What happens at times is beyond your control. How you respond, is within your control. The following are key strategies according to the experts, on how to effectively respond to a PR disaster. Words to live by.
• Monitor social media. Big companies must actively watch Twitter, Facebook, YouTube and other social sites to track conversations that involve them. That will help uncover potential crises-in-the-making, says Brian Solis, a new-media specialist and blogger at PR2.0.
• Respond quickly. Domino's responded within hours. "They responded as soon as they heard about it, not after the media asked, 'What are you going to do?' " says Lynne Doll, president of The Rogers Group, a crisis-management specialist.
• Respond at the flashpoint. Domino's first responded on consumer affairs blog The Consumerist, whose activist readers helped track down the store and employees who made the video. Then it responded on the Twitter site where talk was mounting. "Domino's did the right thing by reinstituting the trust where it was lost," Solis says.

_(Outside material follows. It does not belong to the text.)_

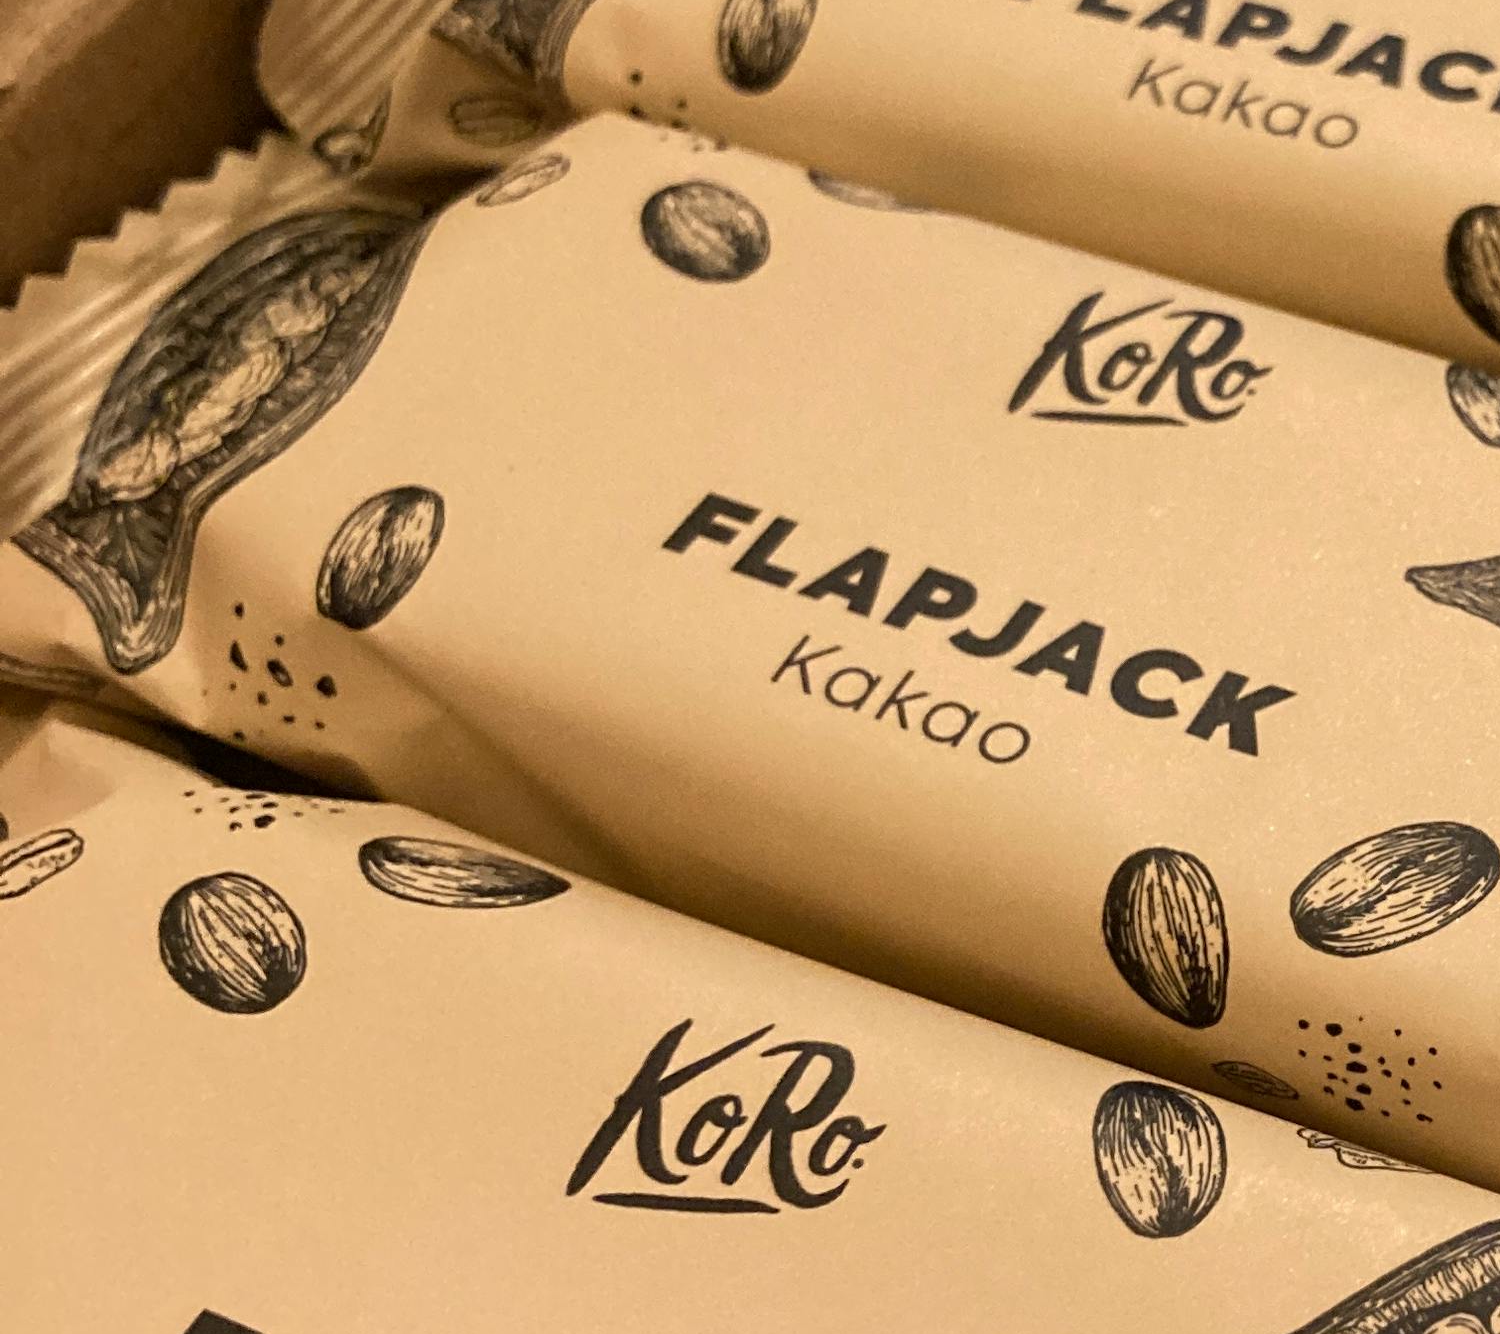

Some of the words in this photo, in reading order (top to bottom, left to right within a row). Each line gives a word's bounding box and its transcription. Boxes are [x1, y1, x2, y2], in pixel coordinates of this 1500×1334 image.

[1127, 58, 1359, 149] Kakao
[660, 491, 1298, 758] FLAPJACK
[770, 634, 1032, 765] Kakao

• Educate workers. It's important that all employees have some media and social-media training, says Ross Mayfield, co-founder of Socialtext, which advises companies on new media.
• Foster a positive culture. Workers who are content and customers who like your product are far less likely to tear down a company online, PR guru Katie Delahaye Paine says. "This would be a lot less likely to happen at places like Whole Foods."
• Set clear guidelines. Companies must have clear policies about what is allowed during working hours — and what isn't, Doll says. "It won't prevent everyone from breaking the rules, but at least they'll know what the rules are."